Please transcribe the data below exactly. Leave the pictures out.

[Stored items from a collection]
%%

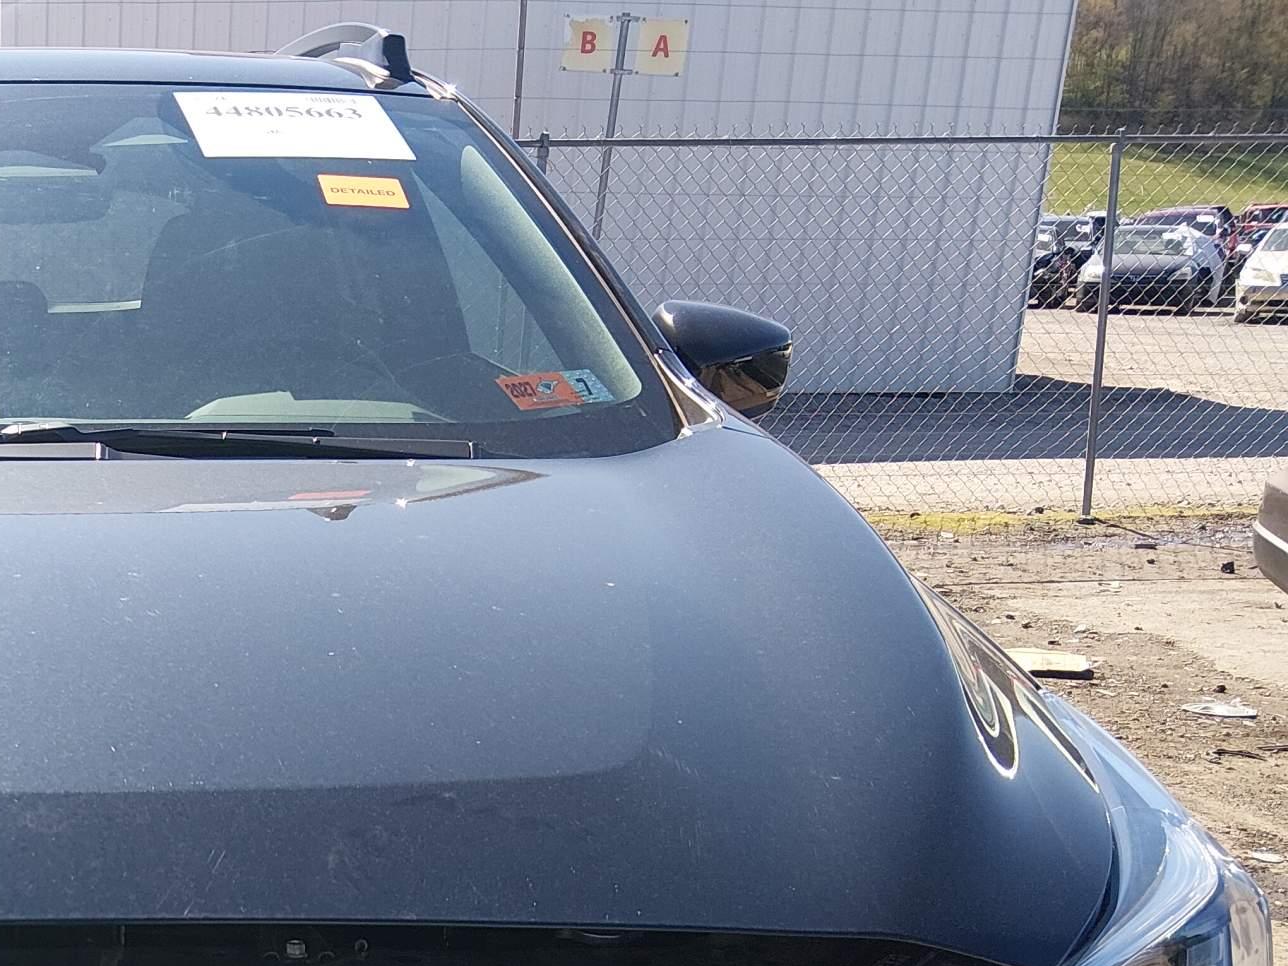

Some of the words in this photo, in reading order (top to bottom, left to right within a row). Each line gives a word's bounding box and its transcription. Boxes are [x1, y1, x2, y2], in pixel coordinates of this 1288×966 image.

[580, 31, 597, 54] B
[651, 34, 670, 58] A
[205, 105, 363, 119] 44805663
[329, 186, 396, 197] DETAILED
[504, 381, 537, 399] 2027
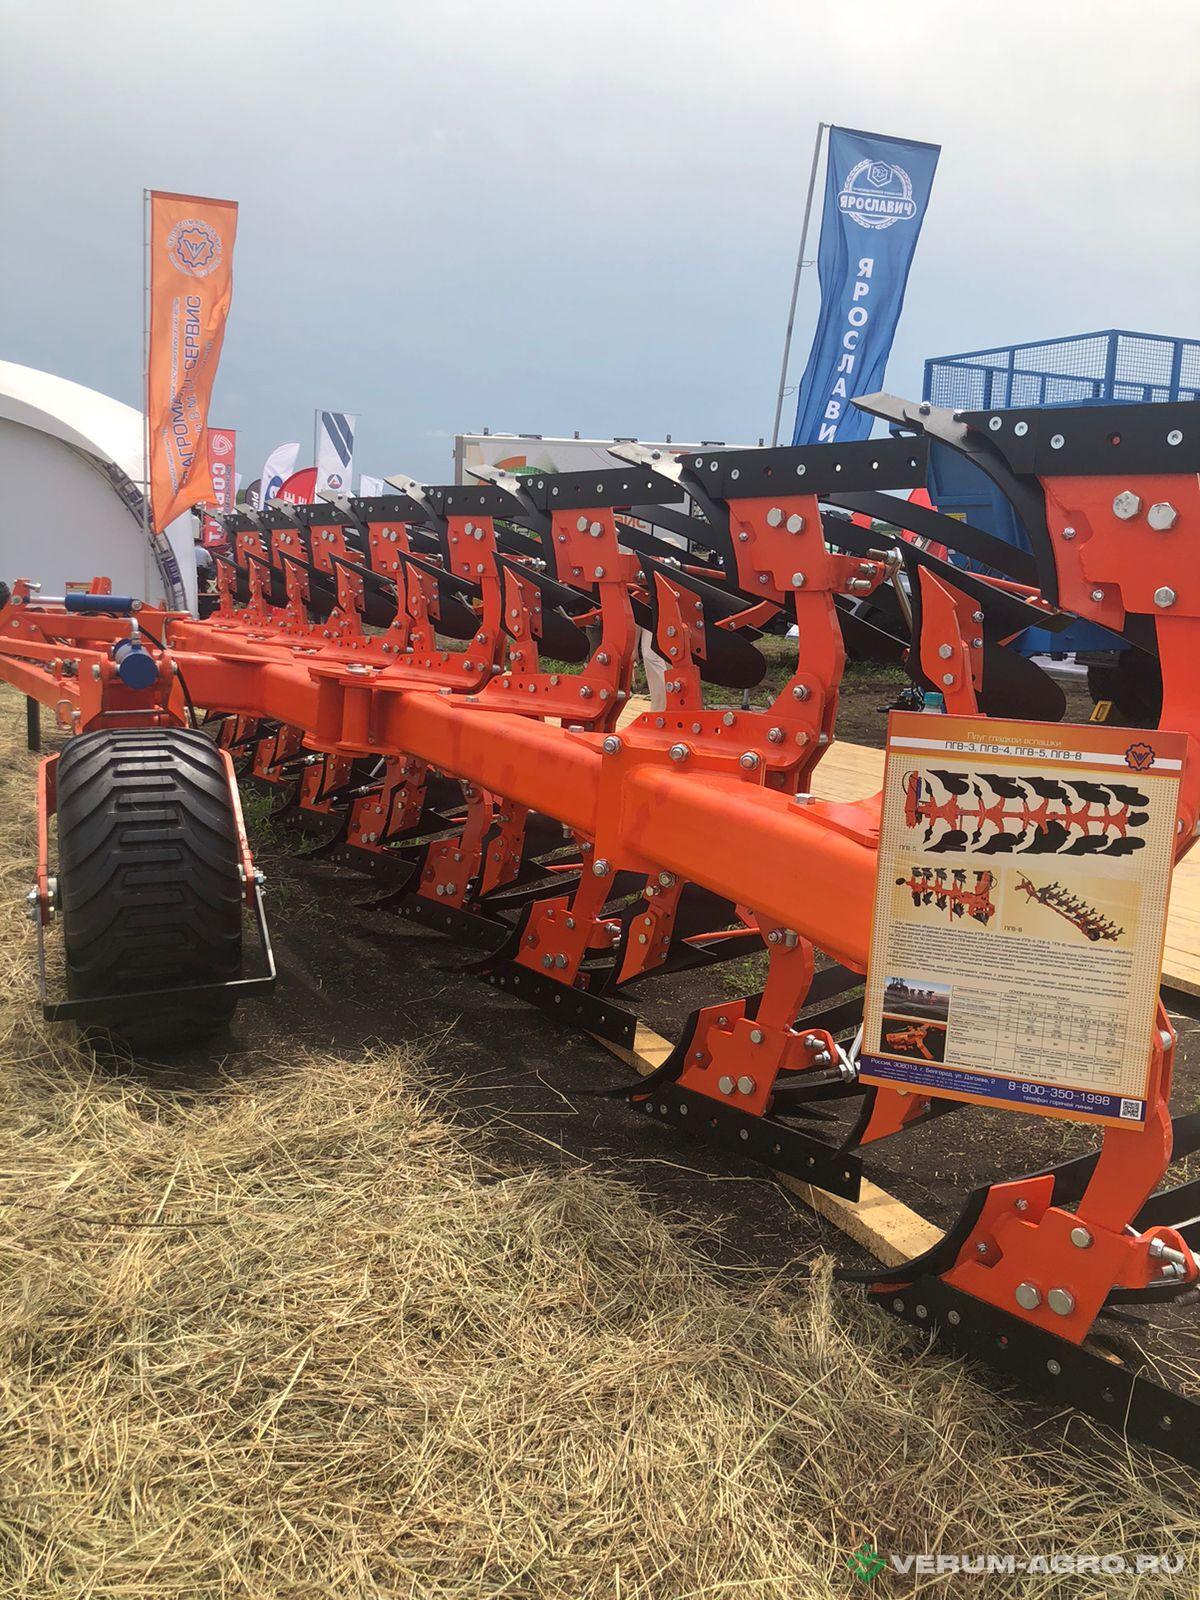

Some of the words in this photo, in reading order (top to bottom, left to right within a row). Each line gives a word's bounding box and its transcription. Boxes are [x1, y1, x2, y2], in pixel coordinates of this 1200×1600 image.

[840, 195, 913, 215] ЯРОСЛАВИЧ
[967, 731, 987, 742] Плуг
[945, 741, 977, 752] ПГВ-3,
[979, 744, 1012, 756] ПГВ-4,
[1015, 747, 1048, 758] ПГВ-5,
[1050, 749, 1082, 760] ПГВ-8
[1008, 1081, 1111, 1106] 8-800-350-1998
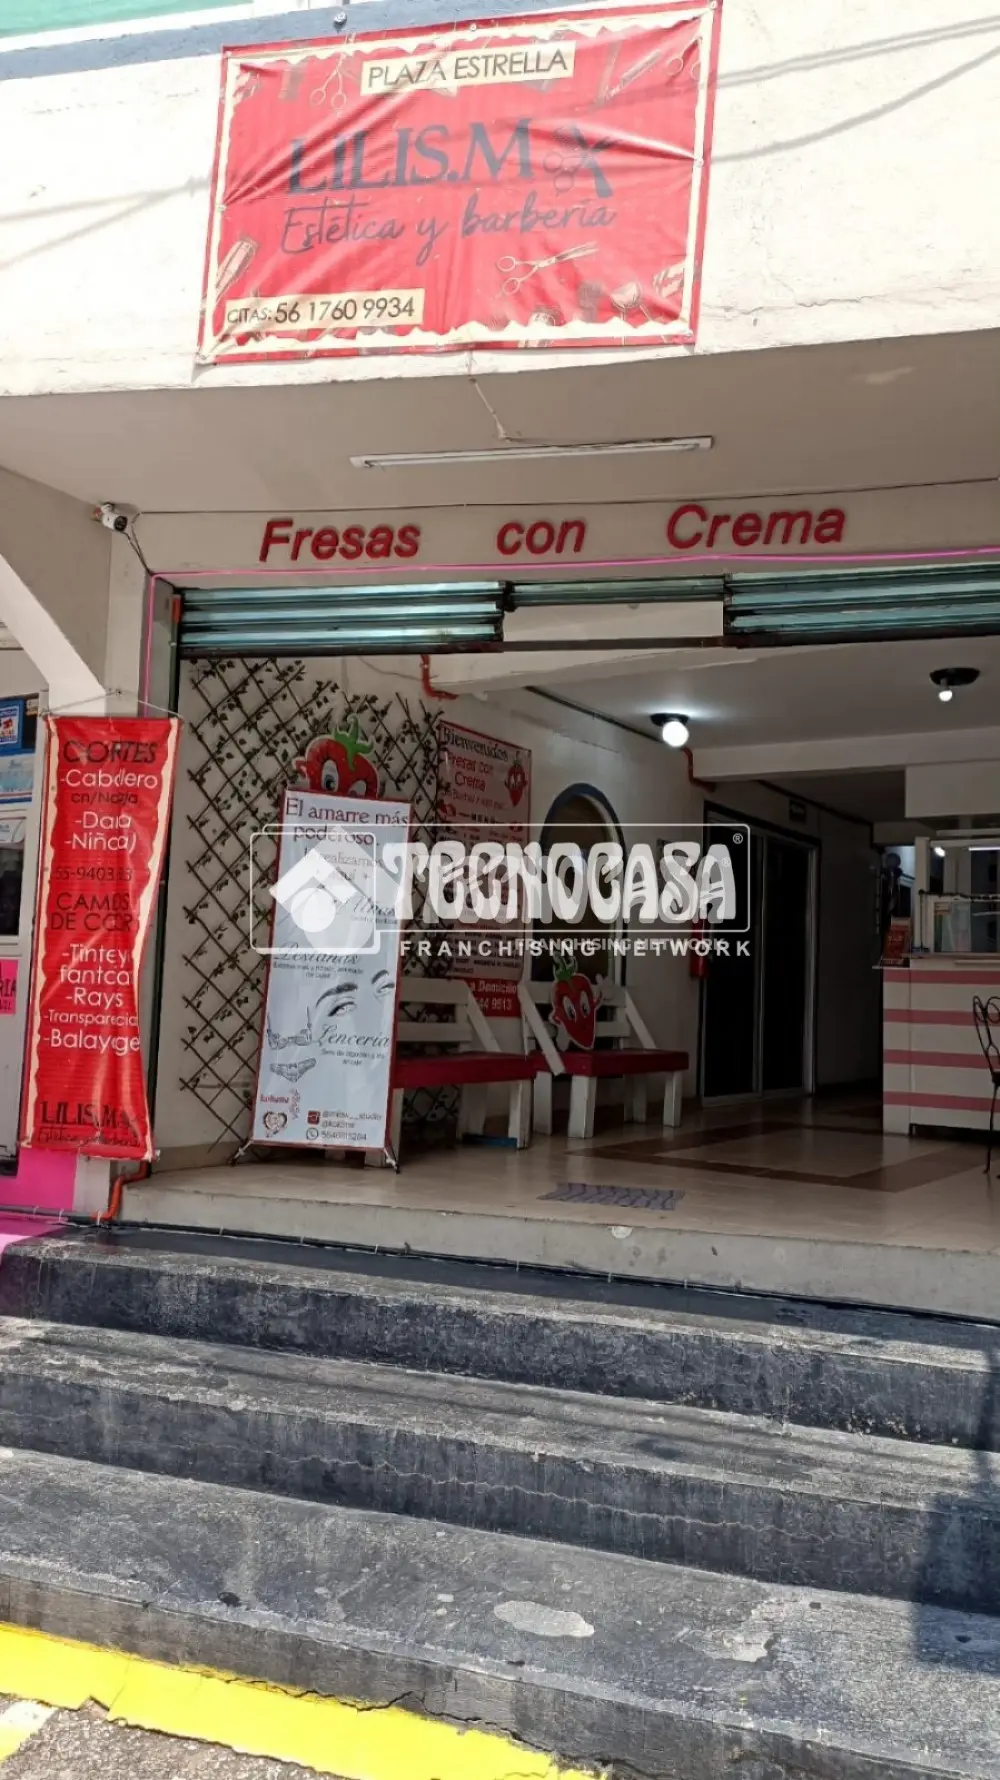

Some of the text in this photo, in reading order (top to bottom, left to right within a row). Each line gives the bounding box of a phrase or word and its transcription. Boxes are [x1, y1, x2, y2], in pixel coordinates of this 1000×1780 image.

%%

Response to this task:
Some of the words in this photo, in reading order (top to bottom, left to right within a row). Each line gives a word's bounding box and its transcription. Boxes are [x1, y1, x2, y2], in pixel coordinates of this 1288×966 image.

[580, 31, 597, 54] B
[651, 34, 670, 58] A
[205, 105, 363, 119] 44805663
[329, 186, 396, 197] DETAILED
[504, 381, 537, 399] 2027

Some of the words in this photo, in reading order (top to bottom, left to right within a row). Each line gives a word's bounding box and its transcription. Boxes are [x1, y1, x2, y2], in pixel coordinates of this 1200×1600 image.

[840, 195, 913, 215] ЯРОСЛАВИЧ
[967, 731, 987, 742] Плуг
[945, 741, 977, 752] ПГВ-3,
[979, 744, 1012, 756] ПГВ-4,
[1015, 747, 1048, 758] ПГВ-5,
[1050, 749, 1082, 760] ПГВ-8
[1008, 1081, 1111, 1106] 8-800-350-1998

Some of the text in this photo, in reading order (top to bottom, left to right within a row). Each line gives the bounding box of a phrase or word and its transcription. Boxes are [x1, y1, x2, y2], in pixel coordinates of this 1000×1780 image.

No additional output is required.